Repercussions for Directors and Limiting Exposure
This decision is in keeping with a recent series of Tribunal decisions that have shown an increasing willingness to hold directors personally liable for corporate omission in addressing environmental problems. Many directors will be familiar with the BCA standard of conduct, which allows them to rely in good faith on the actions or recommendations of officers or other directors. In the case of environmental matters, however, directors who are not involved in the day-to-day operations of a business should be aware that they may not be able to rely on the assumed diligence of other corporate representatives to protect them from personal liability or their own limited involvement in the company. This decision indicates that directors will not only be found liable for failing to ensure known environmental problems were addressed, but for failing to act in situations where the Tribunal determines a director ought to have been aware of a problem simply as a result of his or her position.

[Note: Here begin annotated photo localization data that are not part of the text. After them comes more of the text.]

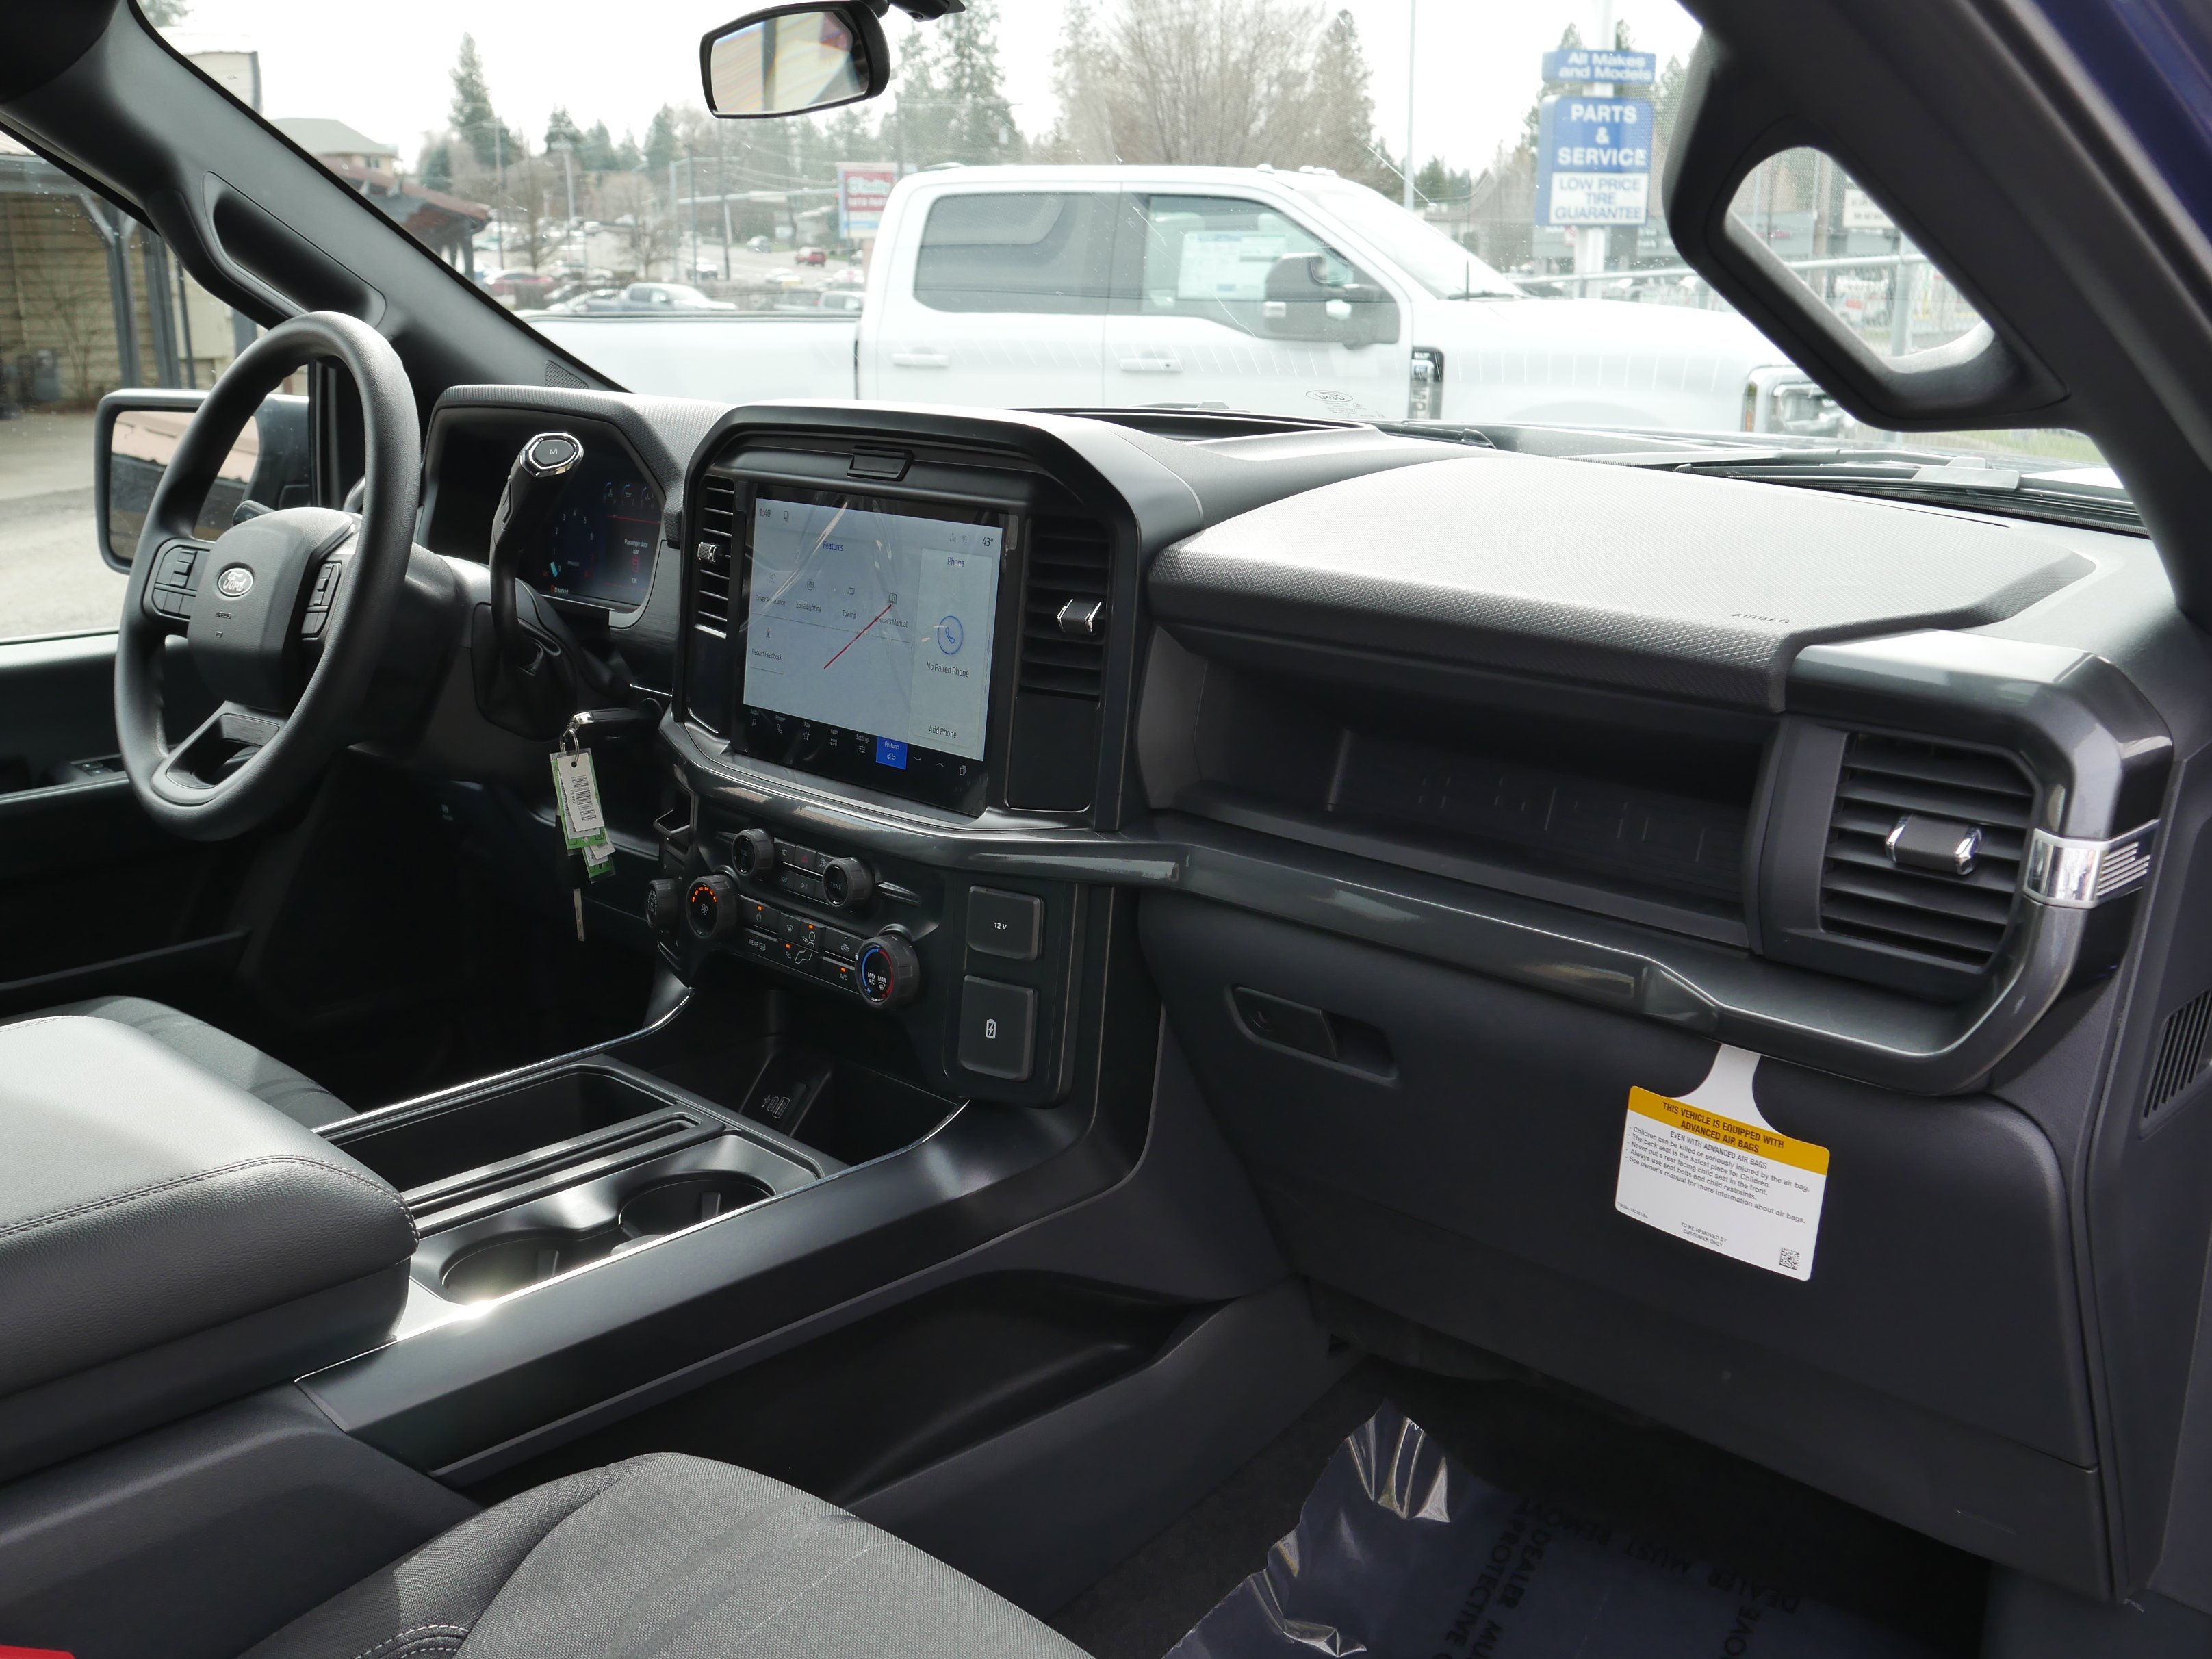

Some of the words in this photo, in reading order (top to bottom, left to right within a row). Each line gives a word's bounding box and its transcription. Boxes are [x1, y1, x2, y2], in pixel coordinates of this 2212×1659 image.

[1568, 52, 1588, 65] All
[1592, 53, 1646, 66] Makes
[1558, 66, 1590, 79] and
[1594, 66, 1652, 80] Models
[1571, 105, 1637, 123] PARTS
[1595, 127, 1610, 144] &
[1557, 147, 1646, 166] SERVICE
[1560, 178, 1593, 190] LOW
[1598, 178, 1640, 190] PRICE
[1586, 193, 1615, 205] TIRE
[1555, 207, 1641, 219] GUARANTEE
[760, 508, 771, 517] 1:40
[823, 541, 844, 552] Features
[947, 556, 965, 567] Phone
[756, 594, 767, 602] Driver
[843, 610, 857, 620] Towing
[1731, 613, 1790, 624] AIRBAG
[892, 619, 908, 628] Manual
[752, 648, 764, 656] Record
[764, 651, 782, 660] Feedback
[926, 661, 934, 671] No
[934, 663, 951, 674] Paired
[952, 667, 969, 678] Phone
[856, 734, 870, 743] Settings
[929, 725, 940, 734] Add
[940, 728, 957, 738] Phone
[884, 741, 899, 751] Features
[830, 881, 842, 890] TUNE
[839, 973, 848, 981] A/C
[877, 975, 886, 983] MAX
[1662, 1102, 1680, 1114] THIS
[1681, 1107, 1711, 1125] VEHICLE
[1712, 1119, 1721, 1128] IS
[1723, 1122, 1760, 1142] EQUIPPED
[1763, 1135, 1785, 1148] WITH
[1681, 1120, 1721, 1140] ADVANCED
[1723, 1135, 1736, 1145] AIR
[1738, 1140, 1759, 1153] BAGS
[1670, 1131, 1686, 1142] EVEN
[1687, 1137, 1703, 1148] WITH
[1703, 1143, 1736, 1159] ADVANCED
[1737, 1154, 1748, 1163] AIR
[1750, 1158, 1767, 1169] BAGS
[1632, 1133, 1643, 1142] The
[1644, 1138, 1658, 1148] back
[1659, 1145, 1671, 1153] seat
[1679, 1152, 1689, 1160] the
[1690, 1157, 1710, 1168] safest
[1710, 1163, 1728, 1174] place
[1740, 1173, 1771, 1188] Children.
[1633, 1126, 1657, 1140] Children
[1679, 1144, 1695, 1155] killed
[1705, 1154, 1734, 1168] seriously
[1736, 1163, 1759, 1176] injured
[1760, 1172, 1769, 1181] by
[1771, 1175, 1782, 1183] the
[1795, 1183, 1810, 1192] bag.
[1630, 1149, 1650, 1161] Always
[1663, 1162, 1676, 1171] seat
[1677, 1167, 1692, 1178] belts
[1693, 1173, 1706, 1182] and
[1706, 1178, 1723, 1188] child
[1723, 1185, 1757, 1200] restraints.
[1632, 1142, 1647, 1152] Never
[1648, 1149, 1658, 1157] put
[1664, 1155, 1676, 1163] rear
[1677, 1159, 1696, 1172] facing
[1697, 1167, 1713, 1176] child
[1714, 1173, 1728, 1181] seat
[1737, 1181, 1748, 1189] the
[1750, 1185, 1768, 1196] front.
[1630, 1156, 1640, 1165] See
[1641, 1162, 1663, 1174] owner's
[1664, 1171, 1686, 1183] manual
[1697, 1183, 1714, 1193] more
[1715, 1189, 1753, 1207] information
[1754, 1203, 1775, 1214] about
[1786, 1213, 1806, 1224] bags.
[1683, 1229, 1709, 1242] CUSTOMER
[1710, 1239, 1723, 1247] ONLY
[1696, 1227, 1719, 1240] REMOVED
[1622, 1539, 1693, 1576] MUST
[1497, 1527, 1552, 1608] DEALER
[1445, 1519, 1526, 1647] PROTECTIVE
[1708, 1568, 1801, 1615] DEALER

Given the difficulty in establishing an absence of management and control, the only way to successfully avoid liability for a management and control type order may be to prevent the occurrence of the environmental issue in the first place. Failing that, inclusive indemnity agreements and insurance policies covering claims for environmental matters, can provide some financial protection. Ideally, these would cover claims that might arise after one is no longer a director.